CN Rail: A great dividend stock for total returns
Canadian National Railway (TSX:CNR)(NYSE:CNI) has been an incredible dividend-growth stock for years and years. This stock has delivered a 297% total return over the past decade. Investors have earned over $16 a share in dividends over that time frame. It has grown its dividend by a very attractive 14% annual rate. It pays a 2% dividend yield today.
Canadian railroads faced some negative headwinds (weather, supply chain bottlenecks, and lower volumes) in the first quarter of 2022. Fortunately, the railroad expects positive tailwinds to pick up in the back half of the year.
Recently, CN has lagged peers both operationally and as an investment. However, with a new CEO at the wheel, there are opportunities for an attractive turnaround. The company has great assets, it has an exceptional balance sheet, and it generates a lot of cash. For a highly competitive blue-chip business, this is a great dividend stock to buy and hold today.
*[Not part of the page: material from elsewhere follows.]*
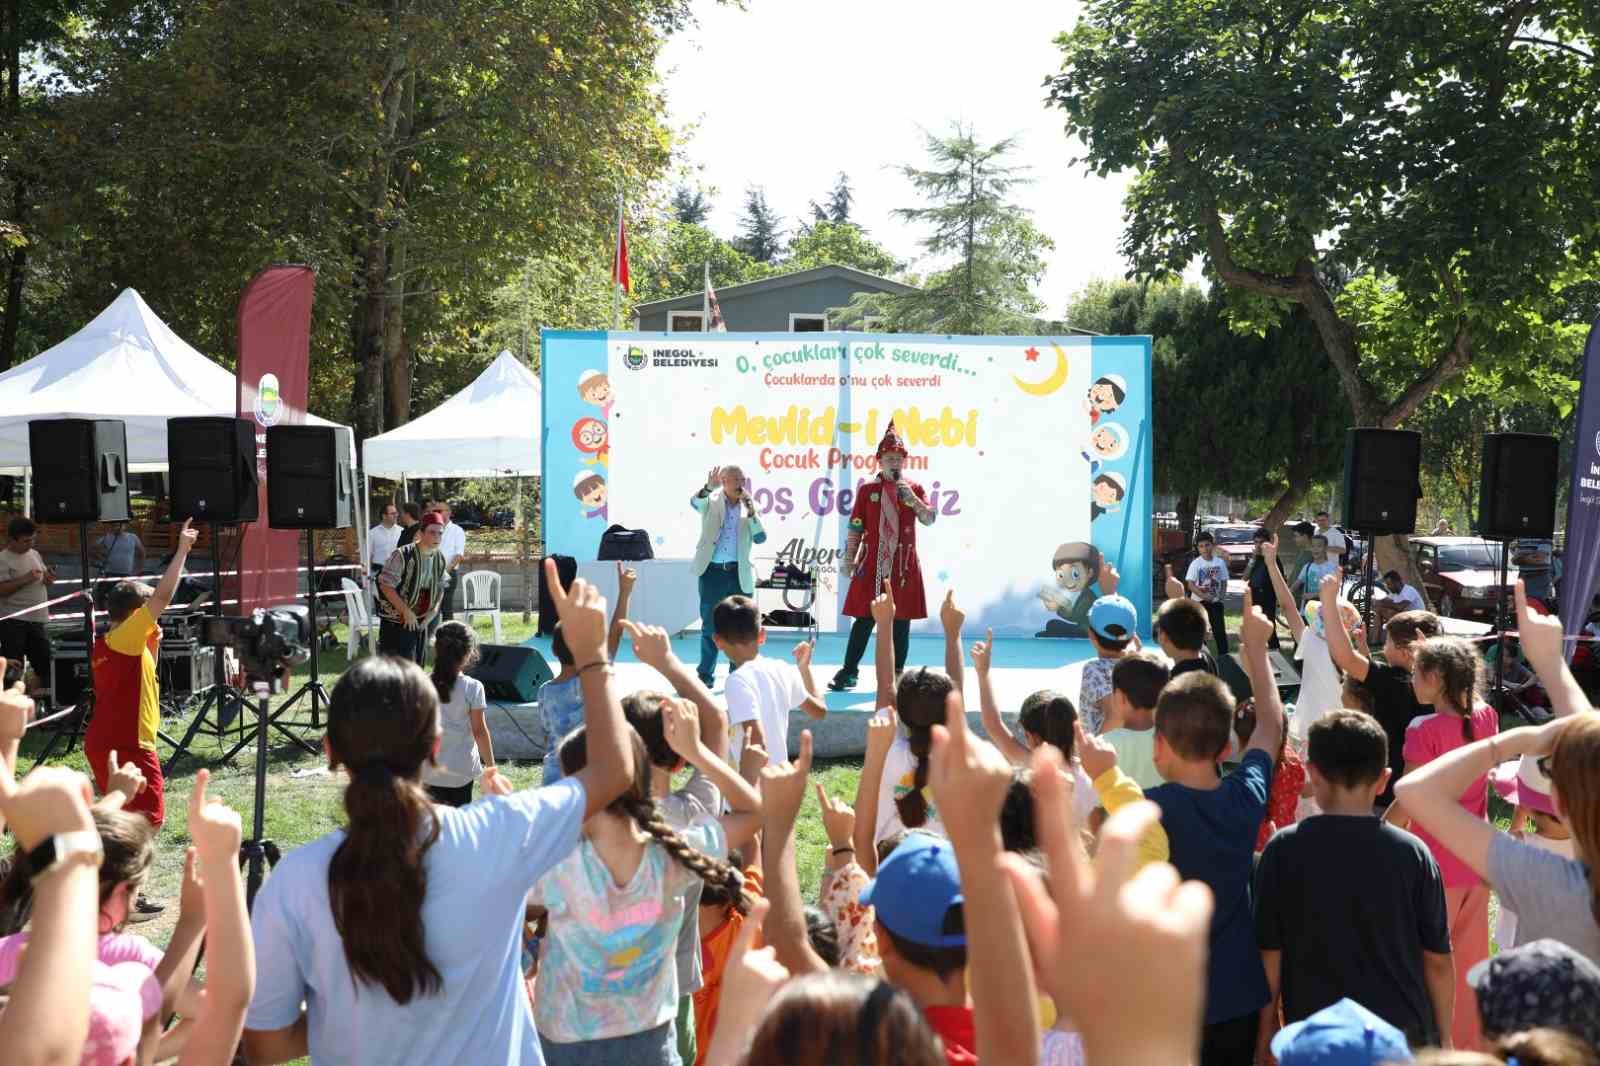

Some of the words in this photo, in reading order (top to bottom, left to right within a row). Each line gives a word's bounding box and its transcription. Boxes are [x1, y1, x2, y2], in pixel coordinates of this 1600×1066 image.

TELUS: A top dividend-growth stock
Another blue-chip dividend stock to buy now is TELUS (TSX:T)(NYSE:TU). It made a fast run to $34 per share early this year. However, it has pulled back nearly 9% since. I wouldn’t exactly call TELUS stock cheap, but it remains a favourite telecom stock, especially for the long term.
TELUS has consistently been delivering revenue and EBITDA growth in the range of 7-8% over the past several years. That is industry-leading growth. The company has been very strategic about allocating capital to the right projects. Rather than buying costly media segments, it has invested in several technology verticals that are showing strong signs of long-term growth.
In addition, it is nearing the end of an accelerated capital investment cycle in 5G and fibre optic networks. TELUS’s management expects outsized growth in excess cash flow in the coming few years. As a result, it plans to grow its dividend annually by 8-10% for the next three years at least.
Today, TELUS pays an attractive 4.3% dividend. For a low-risk, well-managed business with dividend and capital upside, this is a perfect Canadian stock for new investors.